>>
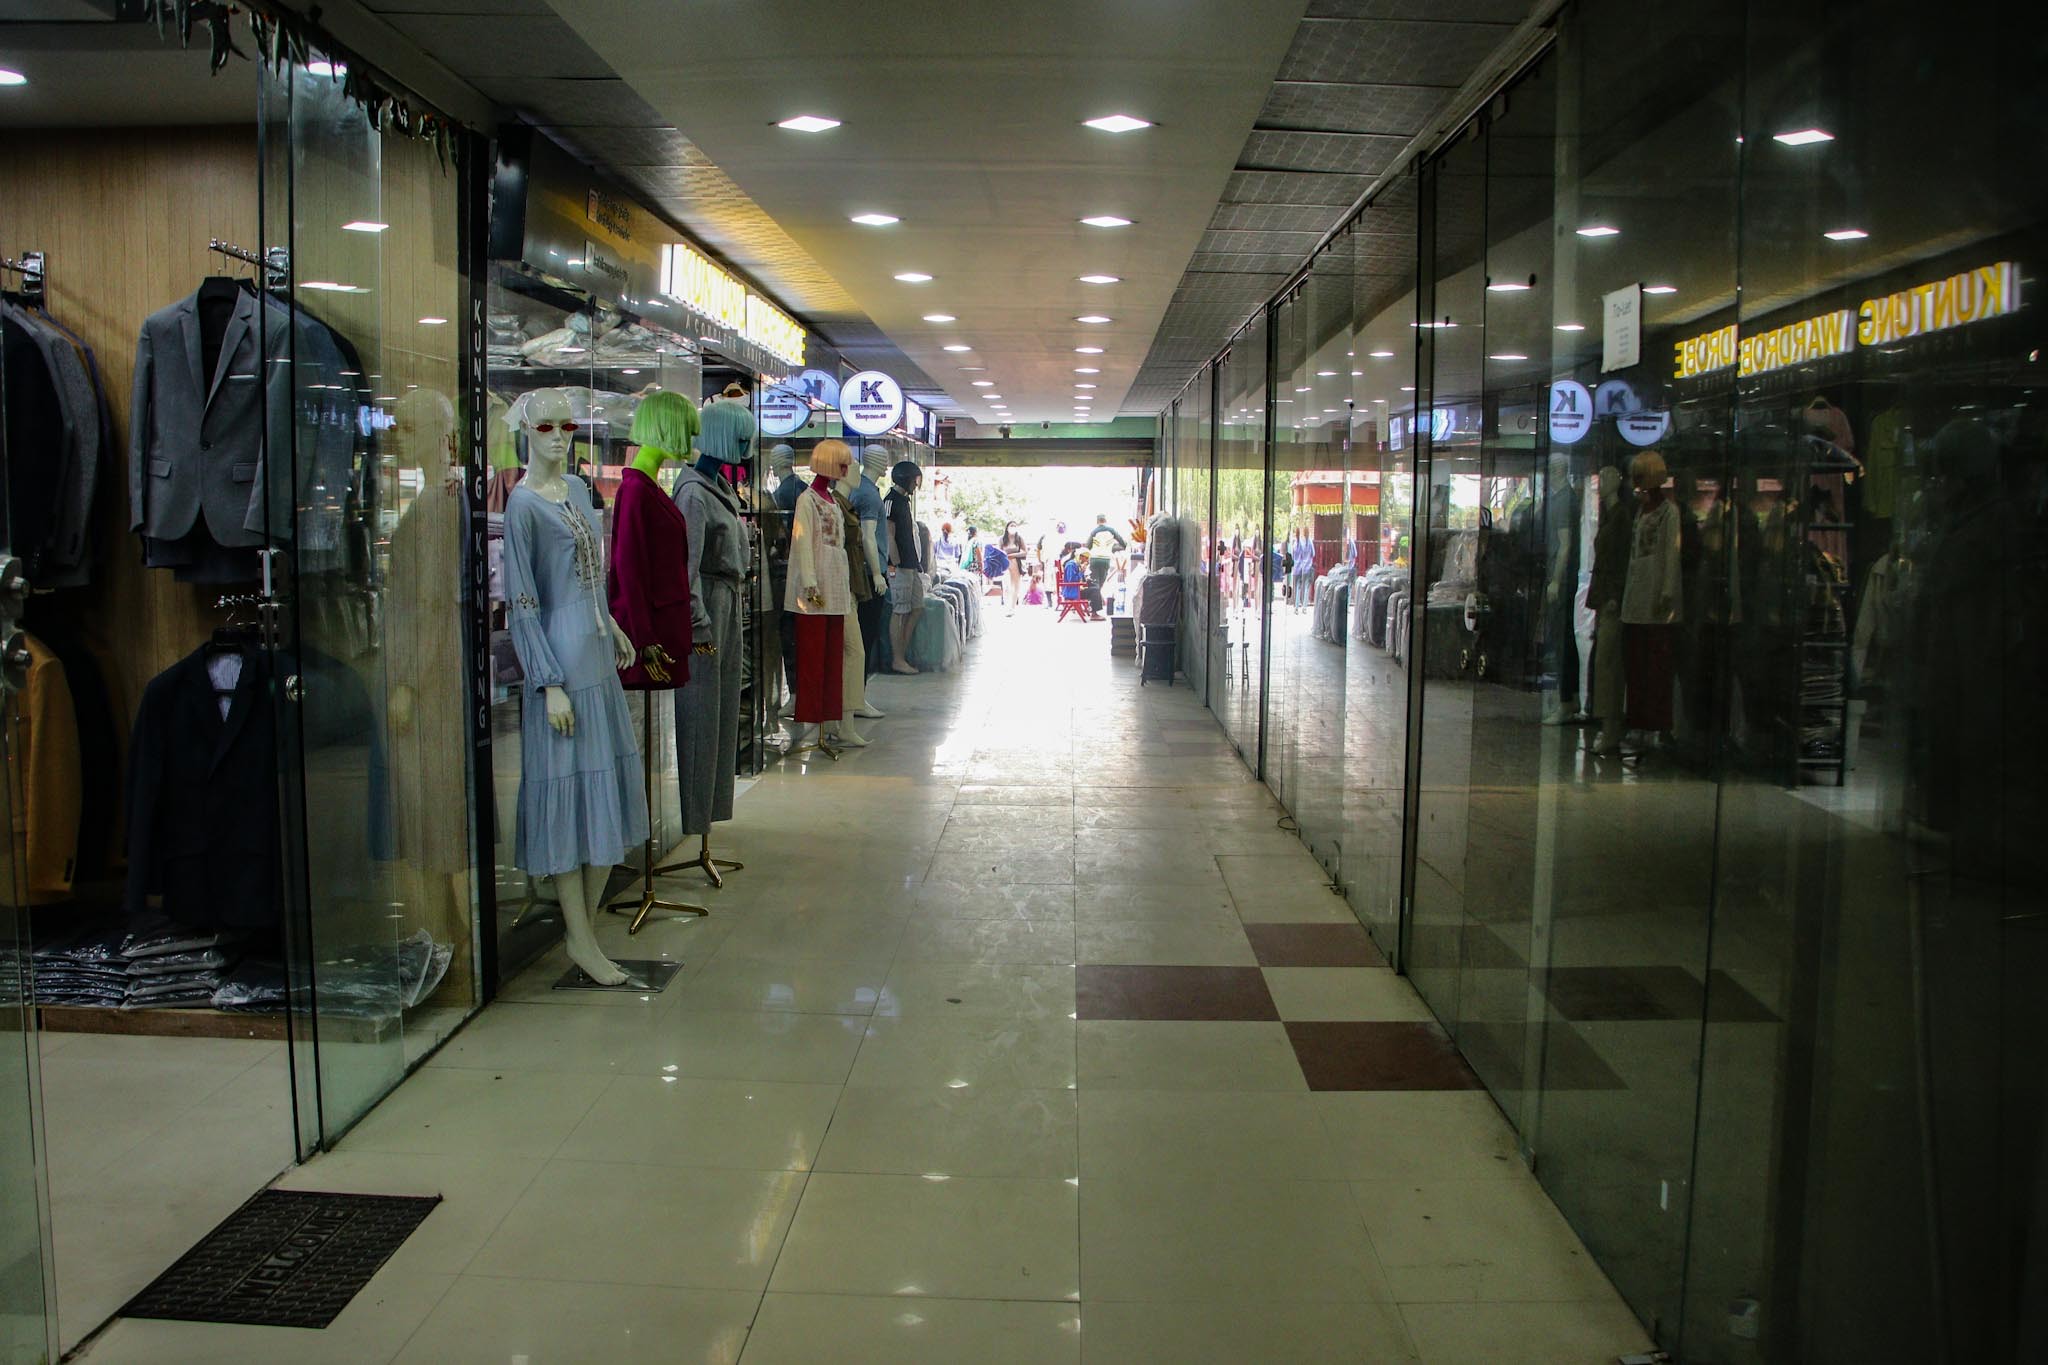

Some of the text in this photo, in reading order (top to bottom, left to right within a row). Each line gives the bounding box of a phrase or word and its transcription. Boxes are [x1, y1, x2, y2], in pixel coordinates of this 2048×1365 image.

[685, 313, 691, 329] A
[742, 343, 766, 367] LADIES
[860, 381, 884, 403] K
[228, 1209, 348, 1301] WELCOME
<<
## GOAL OF THE EXERCISE
The records above are to be restated exactly, with all pictures omitted.

## SOLVED EXERCISE
Some of the text in this photo, in reading order (top to bottom, left to right within a row). Each line gives the bounding box of a phrase or word and its transcription. Boxes are [x1, y1, x2, y2], in pixel coordinates of this 2048×1365 image.

[685, 313, 691, 329] A
[742, 343, 766, 367] LADIES
[860, 381, 884, 403] K
[228, 1209, 348, 1301] WELCOME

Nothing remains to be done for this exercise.